Sources for America’s History: Printed Page 538
21-4 | | Antiwar Song Stirs Peace Movement |
ALFRED BRYAN AND AL PIANTADOSI, “I Didn’t Raise My Boy to Be a Soldier” (1915) |
Despite overseas adventures in the War of 1898 and subsequent interference in Latin American affairs, many Americans embraced the tradition of isolationism. With the outbreak of war in Europe in 1914, peace advocates resisted the interventionists’ cry for the beginning of war preparations. A song by Alfred Bryan and Al Piantadosi, published in 1915, captures the spirit of the peace movement.
Ten million soldiers to the war have gone,
Who may never return again.
Ten million mothers’ hearts must break
For the ones who died in vain.
Head bowed down in sorrow
In her lonely years,
I heard a mother murmur thro’ her tears:
I didn’t raise my boy to be a soldier,
I brought him up to be my pride and joy.
Who dares to place a musket on his shoulder,
To shoot some other mother’s darling boy?
Let nations arbitrate their future troubles,
It’s time to lay the sword and gun away.
There’d be no war today,
If mothers all would say,
“I didn’t raise my boy to be a soldier.”
What victory can cheer a mother’s heart,
When she looks at her blighted home?
What victory can bring her back
All she cared to call her own?
Let each mother answer
In the years to be,
Remember that my boy belongs to me!
“I Didn’t Raise My Boy to Be a Soldier,” lyrics by Alfred Bryan, music by Al Piantadosi, 1915, Library of Congress, Music Division.

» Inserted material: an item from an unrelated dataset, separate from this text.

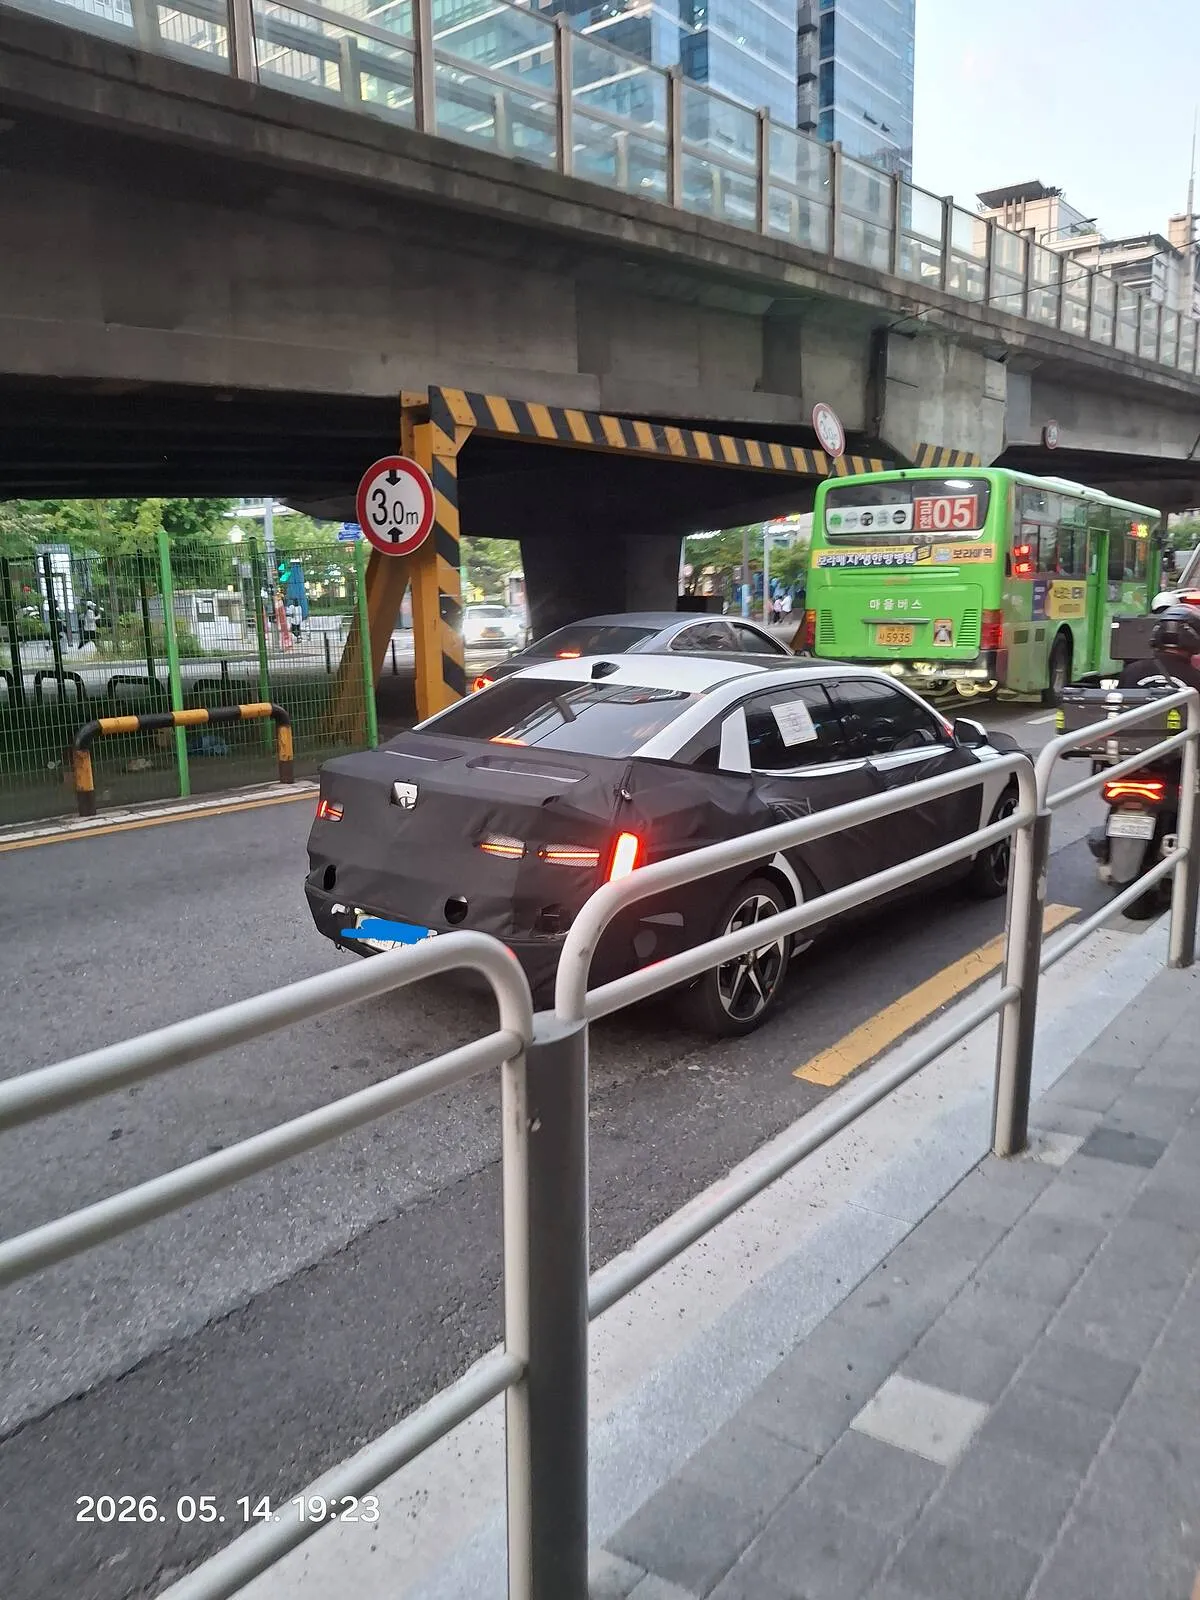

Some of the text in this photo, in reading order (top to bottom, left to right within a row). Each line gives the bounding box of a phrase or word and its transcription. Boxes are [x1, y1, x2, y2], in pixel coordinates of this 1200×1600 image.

[372, 488, 419, 526] 3.0m
[933, 499, 972, 529] 05
[869, 598, 922, 610] 마을버스

READING AND DISCUSSION QUESTIONS
What challenges and opportunities does this sheet music, as a historical artifact, present to a historian using it to understand the domestic politics of the World War I era?
What inferences can you draw from the lyrics to support an argument concerning women’s political influence in the early twentieth century? To what extent do you think the lyricist was advocating for a woman’s right to vote?